The significant reduction in opioid use observed in this study is an important consideration, especially in the context of the current opioid crisis. Chronic opioid therapy is associated with numerous risks, including the potential for abuse and misuse.10,11 GFM offers a non-pharmacological alternative, which eliminates the risk of dependency and mortality associated with opioids, whilst concurrently managing the patient’s pain.10
Although this study demonstrates the feasibility and early efficacy of GFM, several limitations must be acknowledged. All GFM procedures were performed under GA, primarily due to patient preference and logistical considerations of our setup. In an Australian context, the availability and accessibility of theatre facilities makes GA a more straightforward and practical option compared to local anaesthesia (LA). While performing GFM under LA is an option that could be explored in future studies, it may require adjustments to infrastructure and patient preparation protocols to ensure comfort and procedural success. The small sample size and absence of a control group limits the ability to generalise these findings. Additionally, the short follow-up period may not capture long-term outcomes, including durability of pain relief, potential complications, or risk of recurrence. Future studies should aim to include larger cohorts and longer follow-up periods to further establish the safety and efficacy of GFM in this patient population. Additionally, while our study used the NRPS as the primary outcome measure, future studies should incorporate additional measures of functional outcomes, quality of life and patient satisfaction to provide a more comprehensive evaluation of GFM’s impact.
Conclusion
GFM presents a novel approach to managing chronic testicular pain that has proven resistant to conservative and surgical treatments. The observed reduction in pain scores in this cohort, coupled with the decreased reliance on opioid medications, suggests that GFM may be a viable treatment option. By directly targeting the genitofemoral nerve, GFM offers a promising solution for patients suffering from refractory chronic testicular pain, filling a critical gap in the management of this challenging condition.
Data Sharing Statement
All data generated or analysed during this study are included in this published article.
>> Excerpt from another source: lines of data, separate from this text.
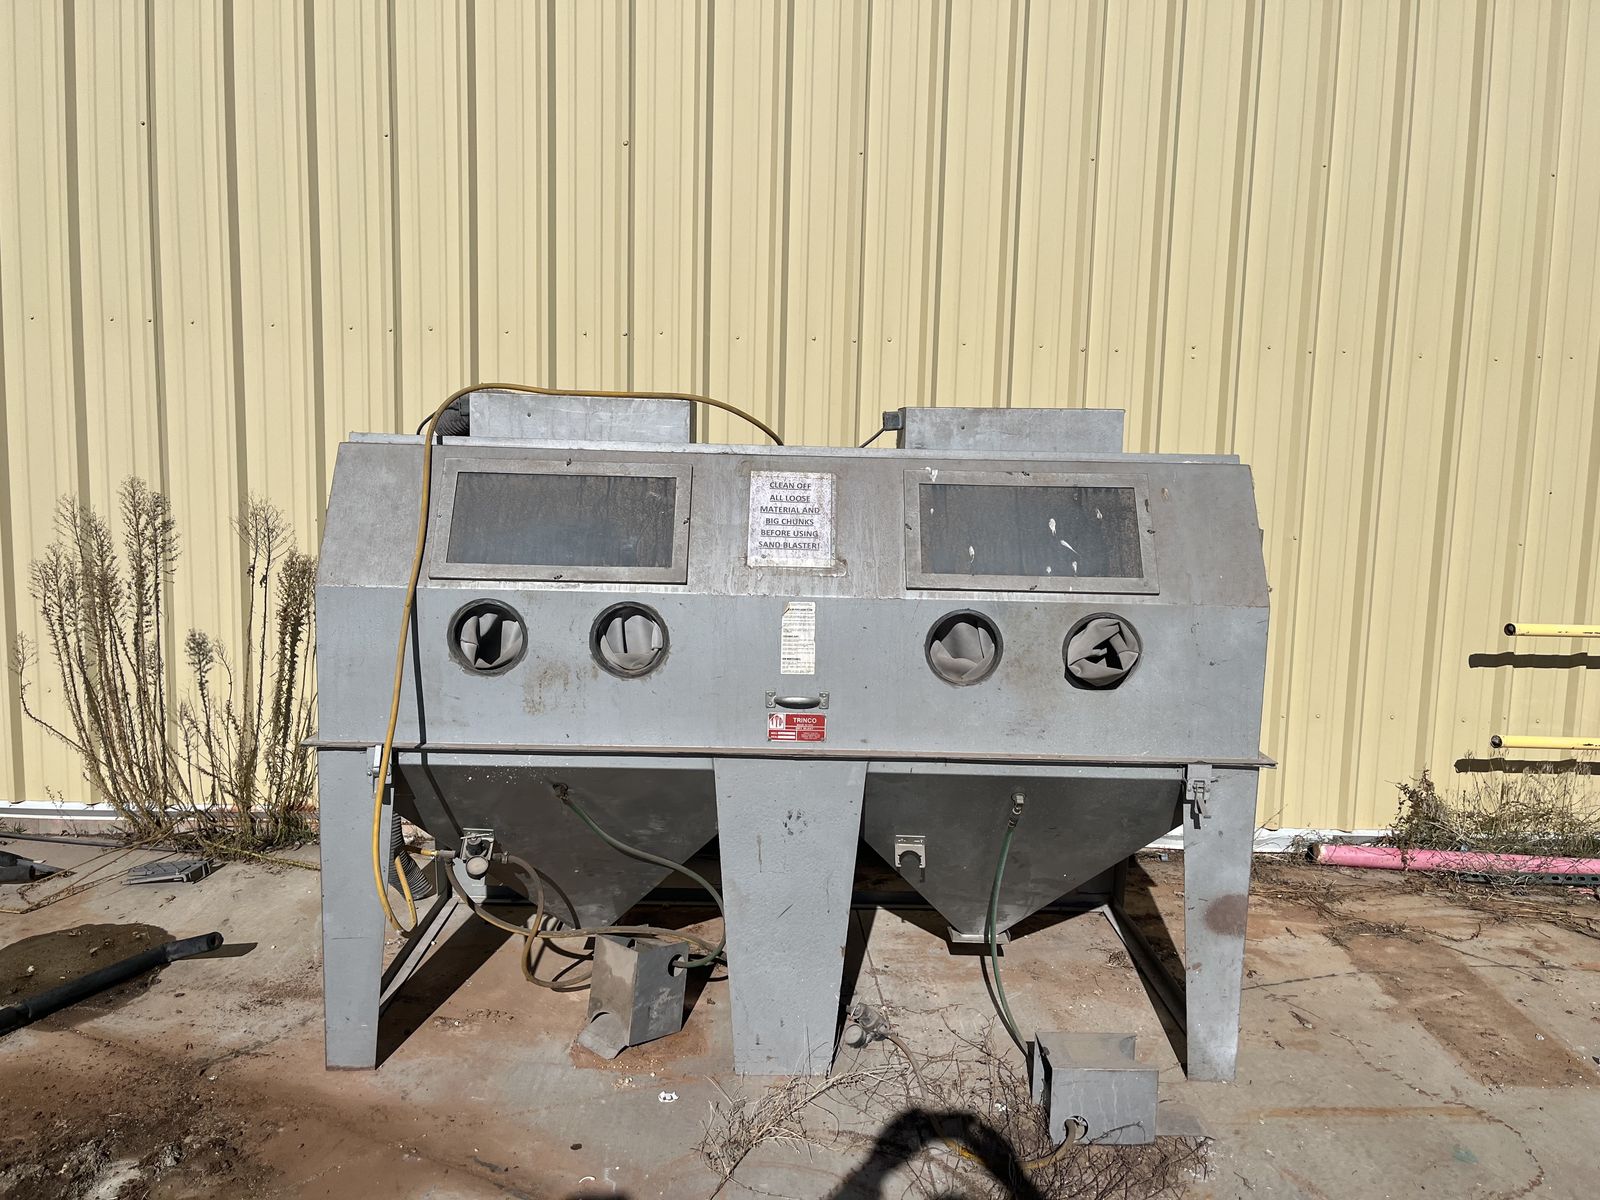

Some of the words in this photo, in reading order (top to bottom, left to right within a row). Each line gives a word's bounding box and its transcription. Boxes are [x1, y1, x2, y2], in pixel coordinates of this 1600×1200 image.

[769, 481, 795, 489] CLEAN
[796, 482, 812, 490] OFF
[769, 494, 783, 502] ALL
[785, 495, 811, 503] LOOSE
[760, 506, 800, 514] MATERIAL
[760, 529, 791, 537] BEFORE
[792, 530, 819, 538] USING
[783, 542, 820, 550] BLASTER!
Ethics Approval and Consent to Participate
Ethics approval and consent to participate obtained from all patients.
Consent for Publication
Consent obtained from all patients for publication.
Acknowledgment
The abstract for this poster was previously published in ‘Poster Abstracts’ for ICS 2024 Madrid and is available online: https://www.ics.org/2024/abstract/470.
Author Contributions
All authors made a significant contribution to the work reported, whether that is in the conception, study design, execution, acquisition of data, analysis and interpretation, or in all these areas; took part in drafting, revising or critically reviewing the article; gave final approval of the version to be published; have agreed on the journal to which the article has been submitted; and agree to be accountable for all aspects of the work.
Funding
No sources of funding.
Disclosure
All authors declare no financial or personal conflicting interests, including any affiliations with device manufacturers.